1. What is Devbox and Why Use It?

  • Devbox is a command-line tool that allows you to create isolated, reproducible, and portable development environments without relying on Docker or virtual machines.

  • It is powered by Nix, but without the complexity of Nix language.

  • For a data scientist, this means:

    • Easy sharing of dependencies (Python, ML libraries, etc.) in a single devbox.json file.

    • Consistency across machines: every teammate works with the same versions.

    • Ability to experiment with tools without polluting your global system.

2. Installing Devbox

  1. Open your terminal (Linux, macOS, or Windows with WSL2).

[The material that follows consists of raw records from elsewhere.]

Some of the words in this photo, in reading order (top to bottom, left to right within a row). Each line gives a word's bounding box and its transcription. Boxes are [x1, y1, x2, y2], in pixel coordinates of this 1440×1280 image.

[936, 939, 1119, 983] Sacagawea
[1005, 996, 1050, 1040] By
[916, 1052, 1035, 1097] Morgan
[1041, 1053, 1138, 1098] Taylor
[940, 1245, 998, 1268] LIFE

  2. Run the following command (non-root user):

    curl -fsSL https://get.jetify.com/devbox | bash
    
  3. If Nix is not installed, Devbox will install it automatically.

3. Creating Your First Devbox Environment

  1. Initialize Devbox in your project directory:

    devbox init
    

    This generates a devbox.json file.

  2. Search for packages:

    devbox search uv
    
  3. Add uv (a fast Python package installer and environment manager) and data science libraries:

    devbox add uv pandas
    
  4. Start your environment:

    devbox shell
    
  5. Create and manage a Python environment with uv:

    uv venv .venv
    source .venv/bin/activate
    uv pip install numpy scikit-learn
    
  6. Exit the environment:

    exit
    

4. Automating with Scripts and Hooks

You can customize workflows in devbox.json:

{
  "packages": [
    "uv",
    "pandas"
  ],
  "shell": {
    "init_hook": [
      "uv pip install -r requirements.txt"
    ],
    "scripts": {
      "run-notebook": "uv run jupyter notebook"
    }
  }
}
  • init_hook: runs commands when entering devbox shell.

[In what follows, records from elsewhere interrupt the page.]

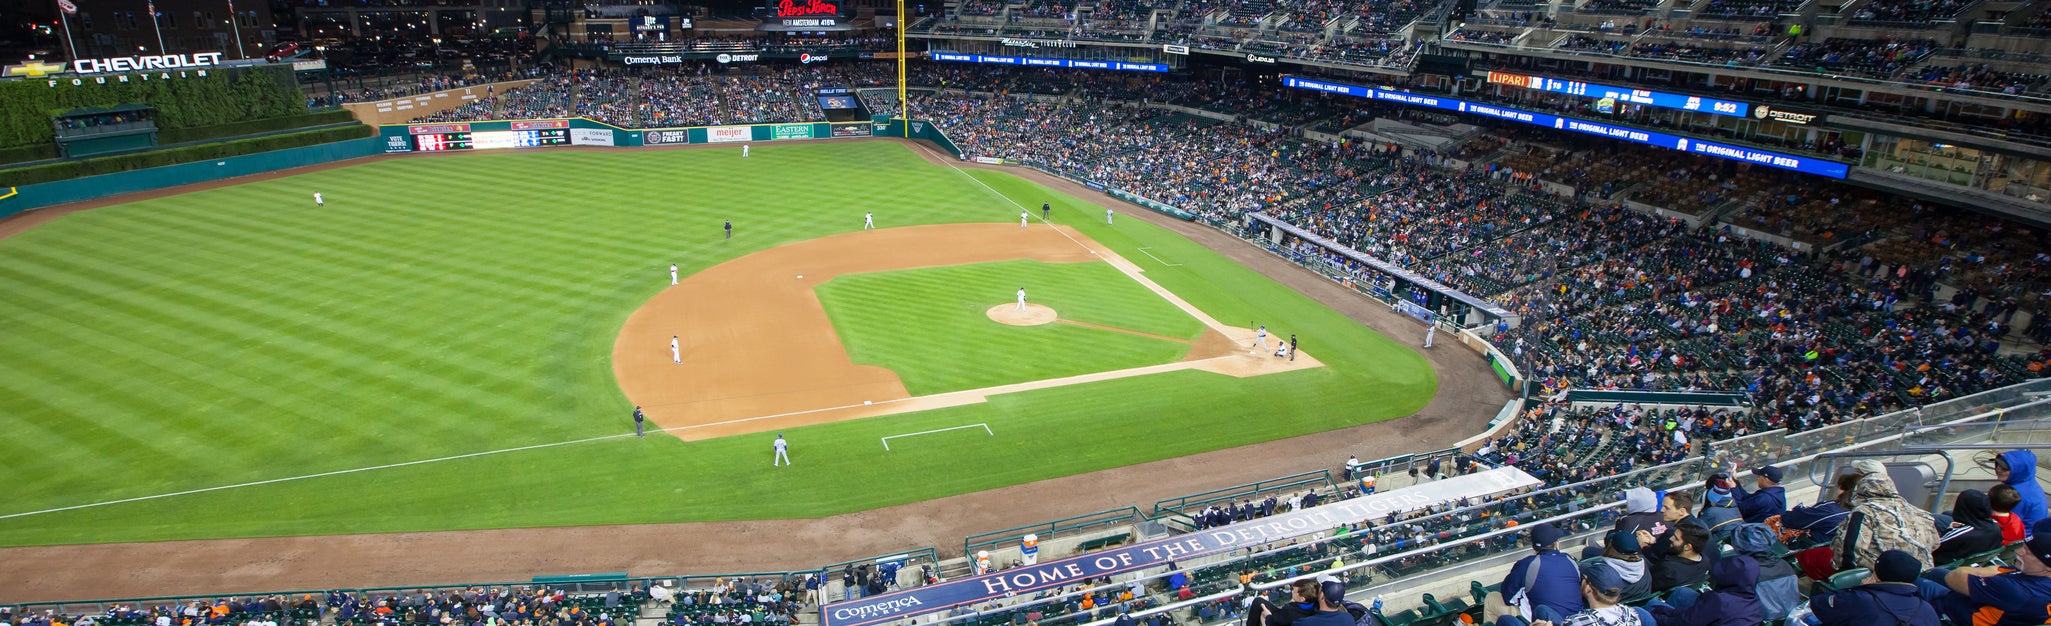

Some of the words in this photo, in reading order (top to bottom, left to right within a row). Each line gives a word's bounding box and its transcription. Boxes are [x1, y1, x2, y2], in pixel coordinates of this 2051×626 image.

[74, 52, 222, 74] CHEVROLET
[661, 55, 682, 63] Bank
[732, 54, 758, 62] DETROIT
[811, 54, 828, 62] pepsi
[48, 69, 207, 88] FOUNTAIN
[1493, 74, 1525, 86] LIPARI
[1304, 81, 1323, 90] ORIGINAL
[1324, 83, 1337, 91] LIGHT
[1384, 93, 1407, 102] ORIGINAL
[1408, 96, 1423, 104] LIGHT
[1423, 98, 1438, 106] BEER
[1714, 102, 1737, 113] 9:52
[1477, 106, 1500, 116] ORIGINAL
[1501, 110, 1517, 119] LIGHT
[1518, 113, 1533, 122] BEER
[1769, 110, 1816, 122] DETROIT
[716, 128, 743, 139] meijer
[776, 126, 809, 134] EASTERN
[1569, 121, 1578, 129] THE
[1578, 123, 1608, 135] ORIGINAL
[1608, 127, 1630, 138] LIGHT
[1629, 131, 1649, 142] BEER
[1695, 143, 1706, 152] THE
[1706, 143, 1745, 159] ORIGINAL
[1746, 152, 1774, 164] LIGHT
[1773, 157, 1799, 168] BEER
[981, 563, 1084, 594] HOME
[1095, 552, 1138, 570] OF
[1142, 539, 1205, 561] THE
[1211, 509, 1337, 546] DETROIT
[1338, 490, 1431, 518] TIGERS
[861, 607, 901, 619] PARK

  • scripts: custom commands launched with:

    devbox run run-notebook
    

Example: automatically install dependencies or start Jupyter Notebook when entering the environment.

5. Managing Global Packages

Some tools are useful across all projects (like git or ripgrep). Install them globally:

devbox global add ripgrep git

To make them available outside of devbox shell, add this to your .bashrc or .zshrc:

eval "$(devbox global shellenv --init-hook)"

6. Best Practices for Data Scientists

| Step | Recommendation | | - | | | 1 | Always version-control devbox.json and devbox.lock. | | 2 | Use uv to manage Python environments and package installations. | | 3 | Use init_hooks to automate dependency installation with uv pip. | | 4 | Use scripts for tasks like launching Jupyter or running tests. | | 5 | Leverage devbox global for tools you need everywhere. | | 6 | Explore Devbox templates (like Jupyter setups) to kickstart projects quickly. |

Summary

Using Devbox with uv provides a modern, fast, and reproducible way to manage Python environments for data science. This workflow combines the reliability of Devbox with the speed of uv, ensuring smooth and consistent setups across projects.